Keywords: Knee arthroplasty, Albumin kinetics, Postoperative complications, Machine learning, Predictive modeling, Biomarkers


Total knee arthroplasty (TKA) has gained acceptance as an effective method in the treatment of serious cases of knee disorders [1]– [2]. TKA surgery ensures economically viable functional outcomes; however, the potential postoperational complications are one of the most serious current medical concerns among patients who undergo TKA procedures, particularly among geriatric patients. Additionally, the development of post-TKA complications has already had serious repercussions on prolonged hospital stays and corresponding health expenses [3]. Optimization and detection of pre- and post-TKA patient status and risk factors would be greatly beneficial.

From previous research, it has been found that one of the frequent complications in the perioperative period after TKA is hypoalbuminaemia, which can result in various poor outcomes such as surgical site infection, poor wound healing, wound dehiscence, deep vein thrombosis, and moderate to severe pain [4]. Additionally, hypoproteinaemia causes prolonged hospital stay and delays recovery among patients, as well as affecting hospital readmission rates [5]. Thus, there is need to investigate the potential causes and warning signals of postoperative hypoalbuminaemia among patients who are operated on with TKA to be able to take preventive measures to counteract the consequences caused by the above complications.

Some previous works have found that preoperative hypoalbuminemia, a proven nutritional marker, is one among the most usual conditions during TKA. The result of hypoalbuminemia shows prolonged hospital stay, deteriorates recovery process in patients, and even results in the increase in re-hospital rates.
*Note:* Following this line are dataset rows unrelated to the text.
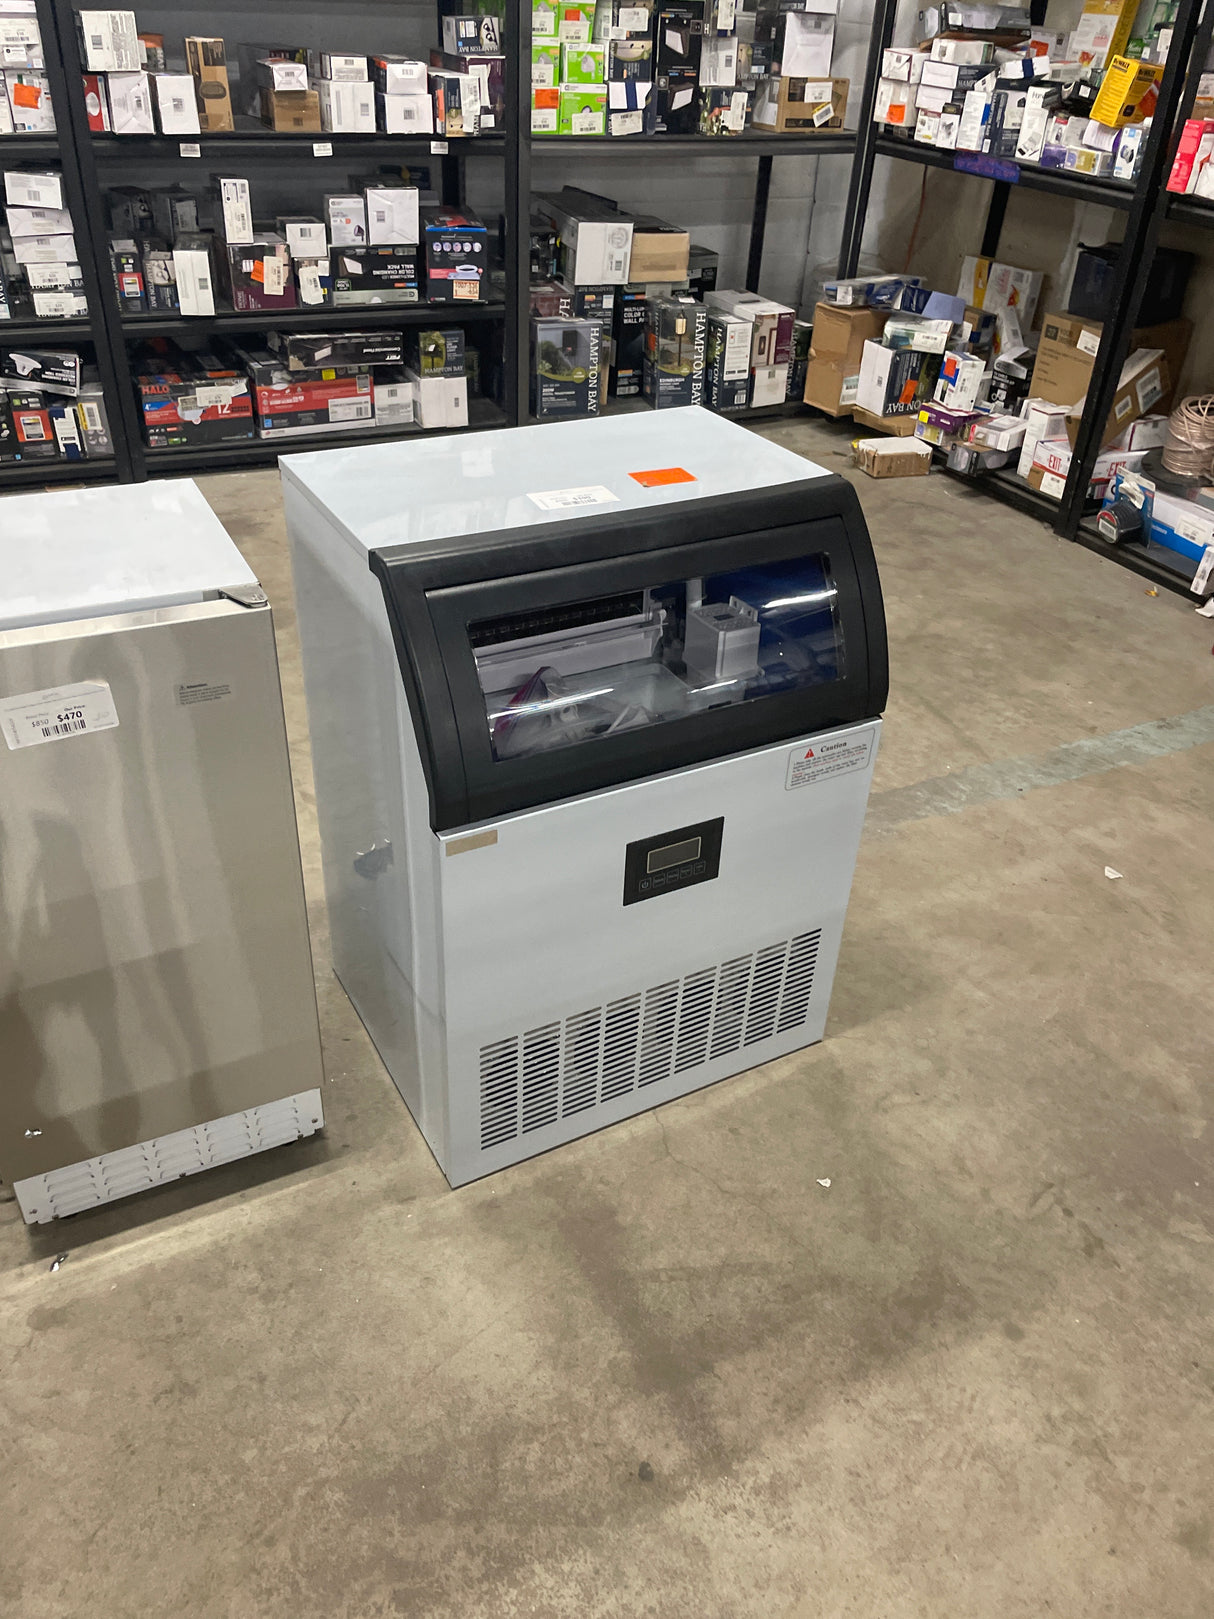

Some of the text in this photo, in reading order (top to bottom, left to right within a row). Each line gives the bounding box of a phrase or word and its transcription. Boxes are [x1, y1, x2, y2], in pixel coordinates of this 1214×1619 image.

[691, 312, 706, 405] HAMPTON BAY
[713, 327, 723, 385] HAMPTON
[424, 366, 452, 374] HAMPTON
[587, 327, 600, 412] HAMPTON BAY
[141, 385, 170, 395] HALO
[217, 403, 231, 414] 12
[886, 402, 904, 414] BAY
[1048, 454, 1062, 472] EXIT
[57, 710, 83, 723] $470
[820, 741, 848, 753] Caution
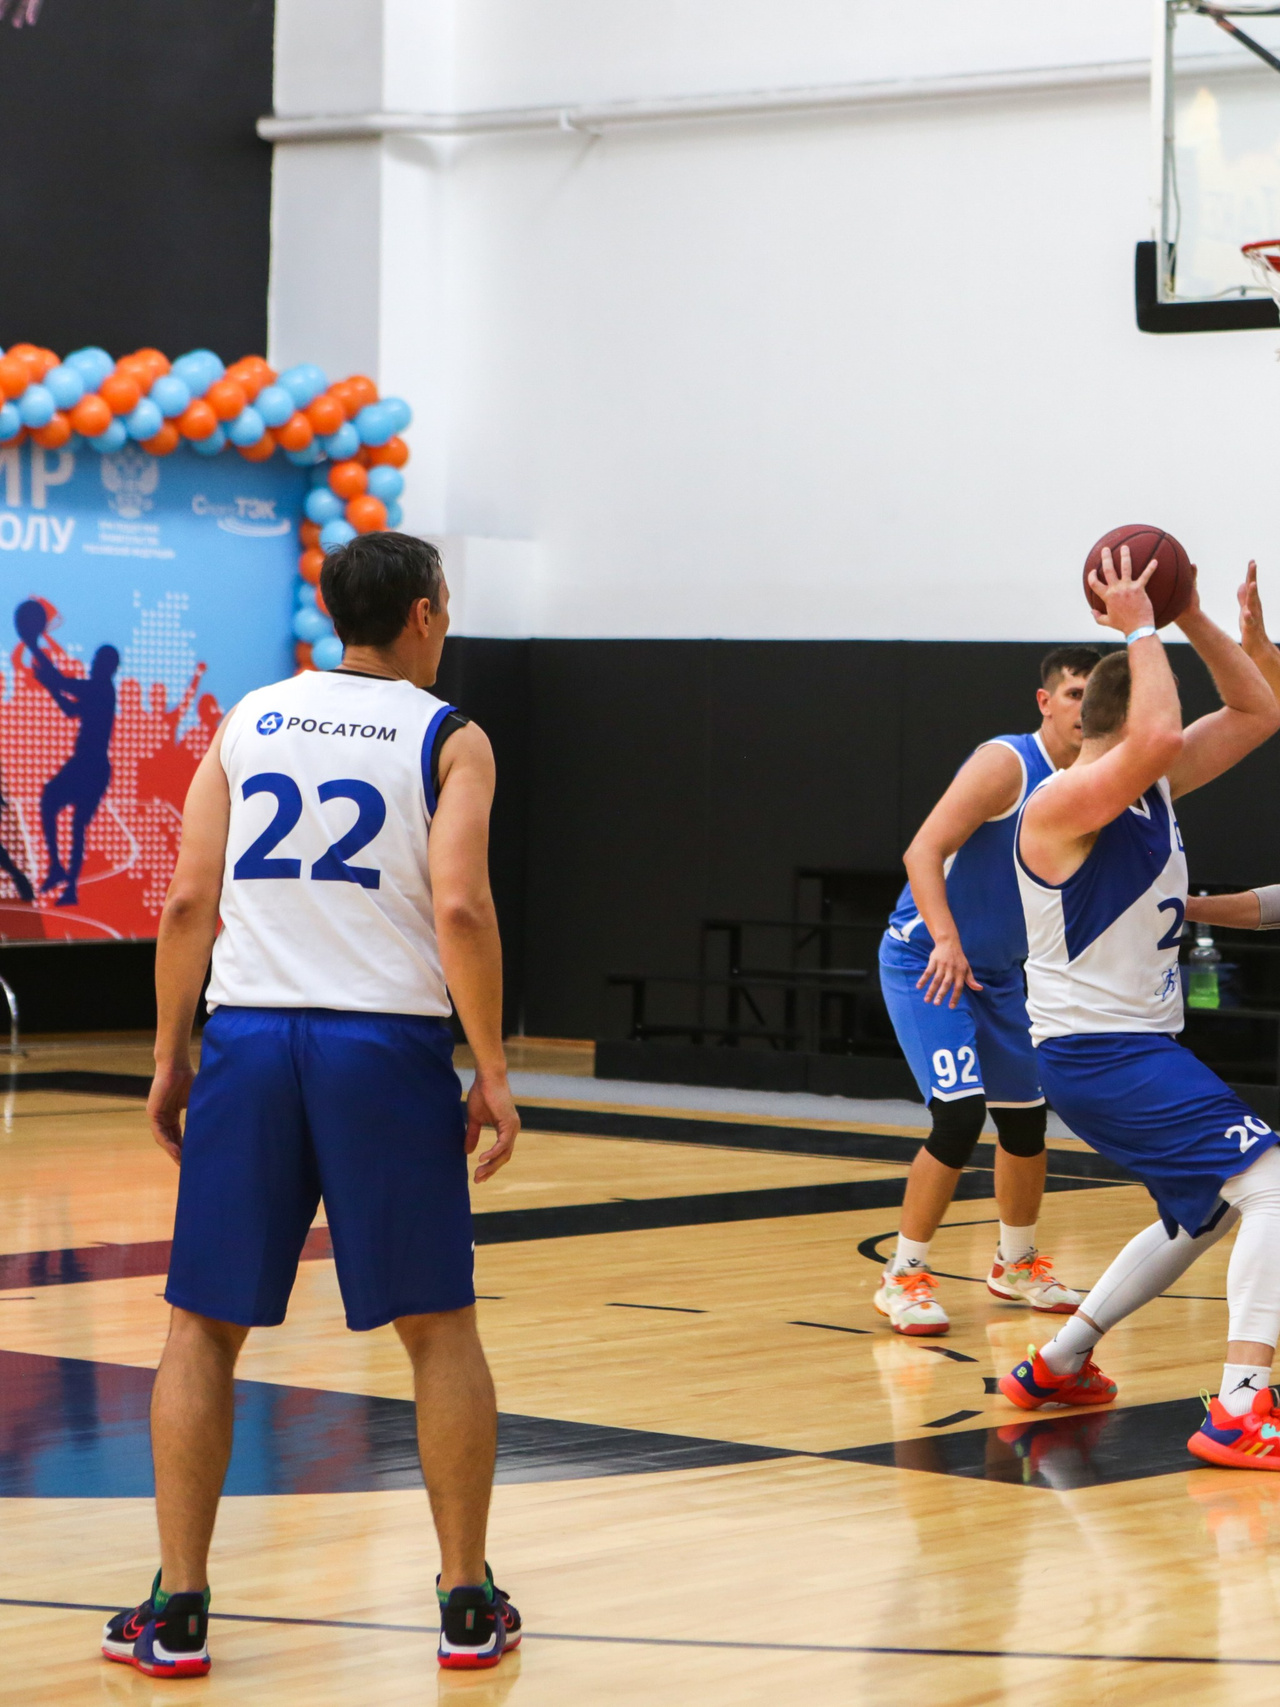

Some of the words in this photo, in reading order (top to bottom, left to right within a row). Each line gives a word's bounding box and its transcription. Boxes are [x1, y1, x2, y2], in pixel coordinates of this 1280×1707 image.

[0, 513, 75, 554] ОЛУ
[286, 716, 398, 743] РОСАТОМ
[233, 772, 387, 890] 22
[932, 1045, 979, 1089] 92
[1224, 1115, 1272, 1154] 20
As such, hypoproteinaemia is an essential predictive marker among postoperative dysfunctioning and complications within patients. But preoperative hypoproteinaemia fails to denote surgical trauma among the operations. A fall in postoperative albumin (ΔAlb), one among the surgical stress markers, relates to the risk among postoperative complications within orthopaedic patients. The predictive values occur already in 6–24 h postoperatively; in fact, it has greater predictive values compared to other markers among significant acute postoperative inflammation (CRPs) already in use within current medical settings (e.g. C-Reactive Protein), taking 2–3 days postoperatively to attain its postoperative peak [6]. Concluding that ΔAlb among abdominal surgery has significant predictive values among postoperative complications was shown by Labuga et al. [7]. As per Qi’s study, rapid fall in ΔAlb Alb denoted an independent predictive marker among delirium among TJA [8]. If ΔAlb Alb has potential to be proven as the newer and more efficient predictive marker among TKA complications has to be discovered.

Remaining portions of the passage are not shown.